WASHINGTON — Retailers benefited from some increased pricing power last month, especially in women's clothing, which drove overall apparel prices up a seasonally adjusted 0.6 percent, the largest September boost since 1990.

Women's prices rose 1 percent compared with August, propelled by suits and separates, which registered a 2.3 percent advance, according to the Labor Department Consumer Price Index released Wednesday. Outerwear prices jumped 3.4 percent over the month, while dresses slid 2.1 percent.

Comparing September with a year earlier, women's apparel prices were up 2.9 percent, with suits and separates rising 5.6 percent.

Retail consolidation, such as Federated Department Stores' acquisition of the May Department Store Co., may have contributed to the shift, though stores also seem to be holding the pricing line by better control of inventory. Lower inventories can mean less discounting to clear excess merchandise, better profit margins and higher prices.

"Retailers really have caught this religion of reducing risk by reducing inventory," said Eric Beder, analyst and senior vice president at Brean Murray, Carret & Co. "Especially if the product is fashion right, you put all that together and you get premium pricing. Look at [stores] like Macy's, they want to raise the fashion level so they can raise the pricing. Look at J.C. Penney, which wants exclusive products so they can generate higher pricing control."

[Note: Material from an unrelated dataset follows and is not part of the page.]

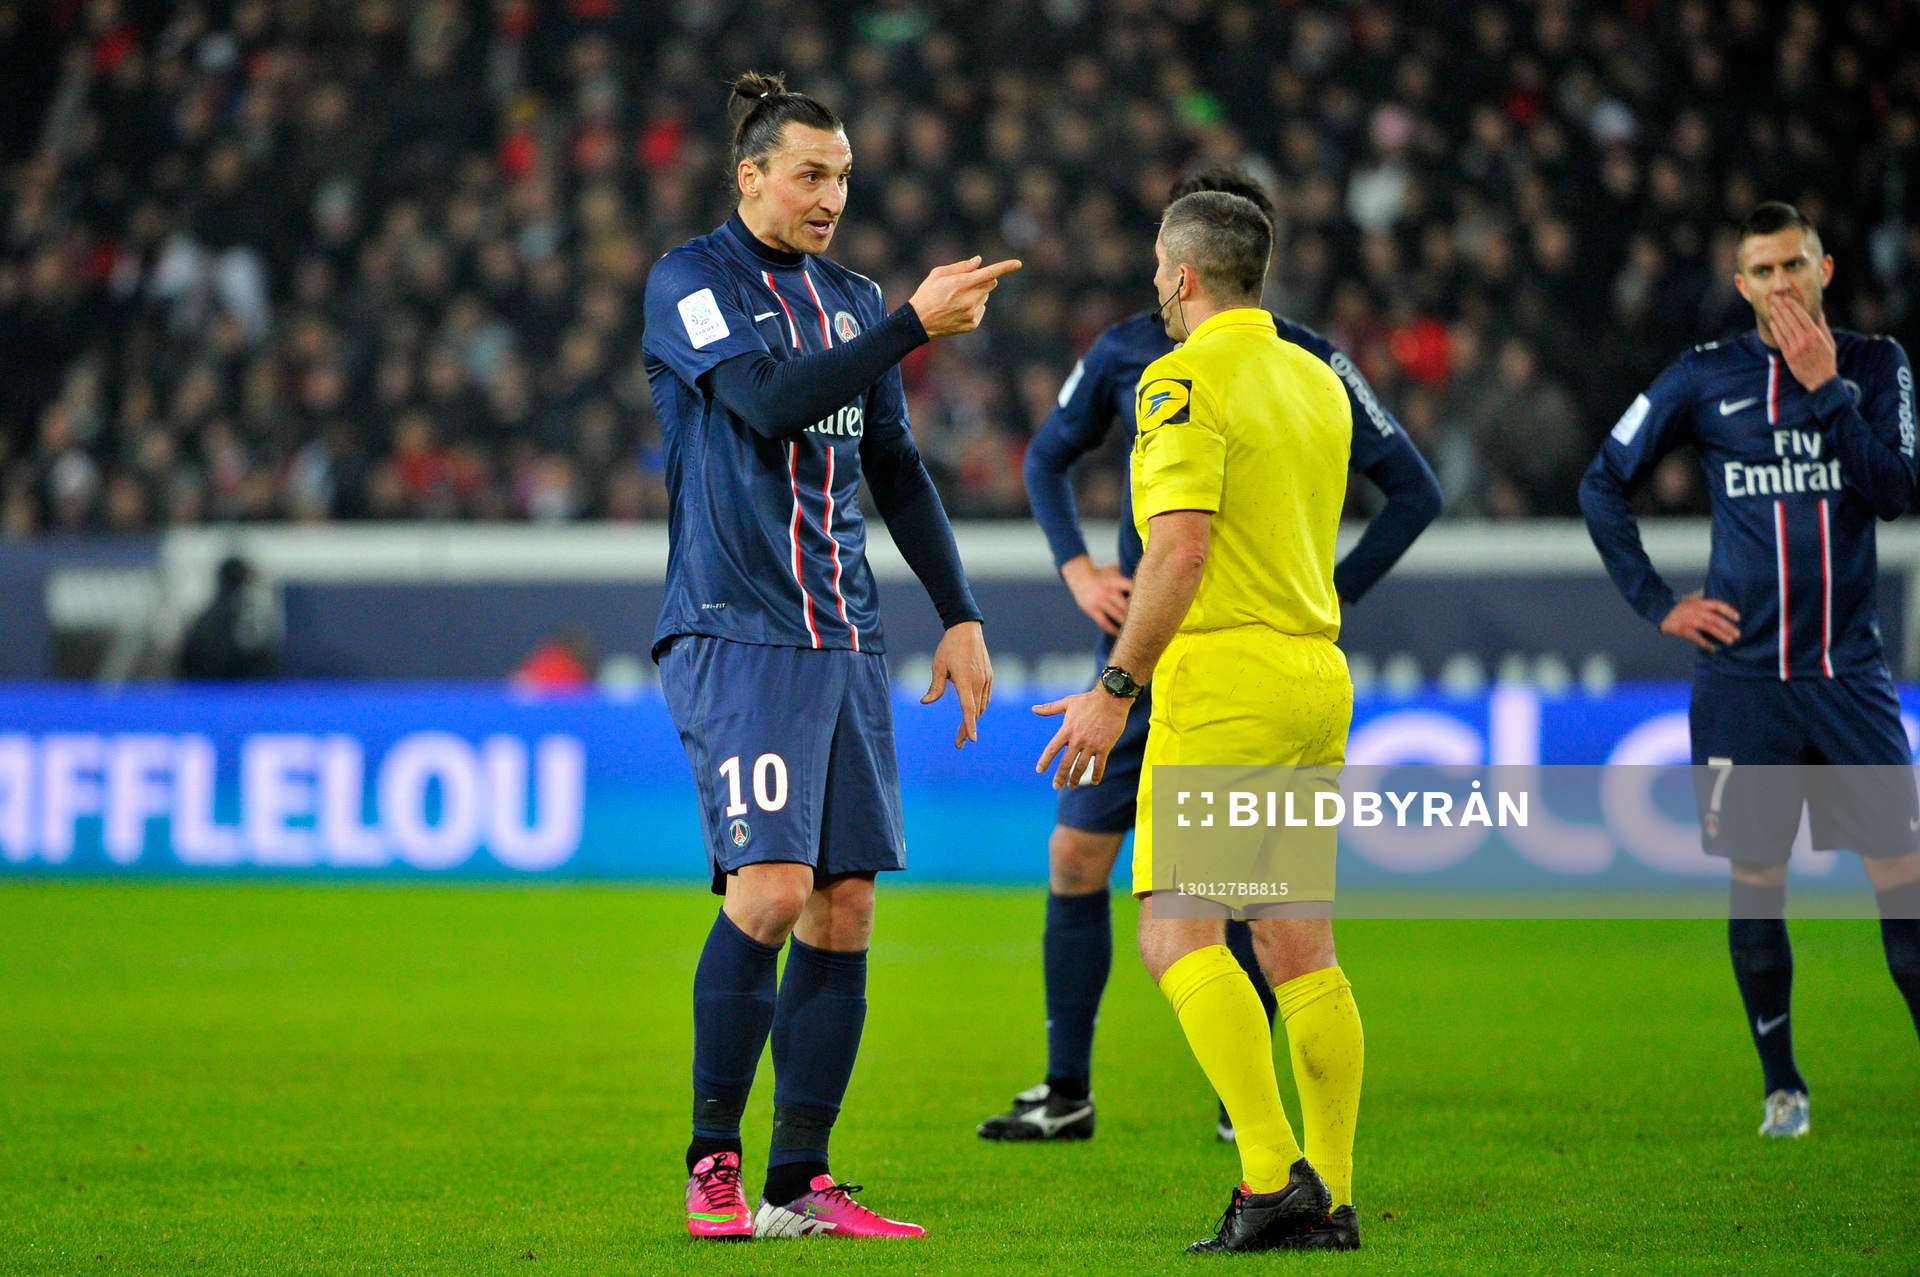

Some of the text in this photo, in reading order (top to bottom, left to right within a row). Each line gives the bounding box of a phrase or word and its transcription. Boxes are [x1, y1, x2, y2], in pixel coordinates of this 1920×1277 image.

[1774, 429, 1822, 459] Fly
[718, 752, 789, 817] 10
[1707, 756, 1733, 812] 7

Overall U.S. consumer prices declined 0.5 percent, the steepest drop since last November, reflecting lower energy costs, after a 0.2 percent increase in August.

"Falling gasoline prices allow real wages to rise and consumers desperately needed some relief," said Charles McMillion, president and chief economist at MBG Information Services. "There are two areas where the relief is most important — one is they needed their wages to rise and that happened in September and if gas prices stay down, it may continue to happen, at least modestly."

Excluding the volatile food and energy sectors, the so-called core CPI inched up 0.2 percent. Year-over-year, core prices were up 2.9 percent last month, though economists generally expect a slowing economy to keep inflation in check.

"I'm more worried about a recession right now than inflation," said David Wyss, chief economist at Standard & Poor's. "If everything goes OK, it's not a problem. But there are a lot of things that can go wrong."Oil prices, the strength of the dollar, international investment and geopolitical instability are among the possible potholes, Wyss said.

For now, the economy seems to have avoided at least one trouble spot, though.

"The economy outside the housing market is doing OK, not terrific, just OK," said Paul Nolte, director of investments at money management firm Hinsdale Associates. "As of yet, we have not seen the expected spillover of the weakening housing market to other parts of the economy. That may yet happen, but as of yet it hasn't."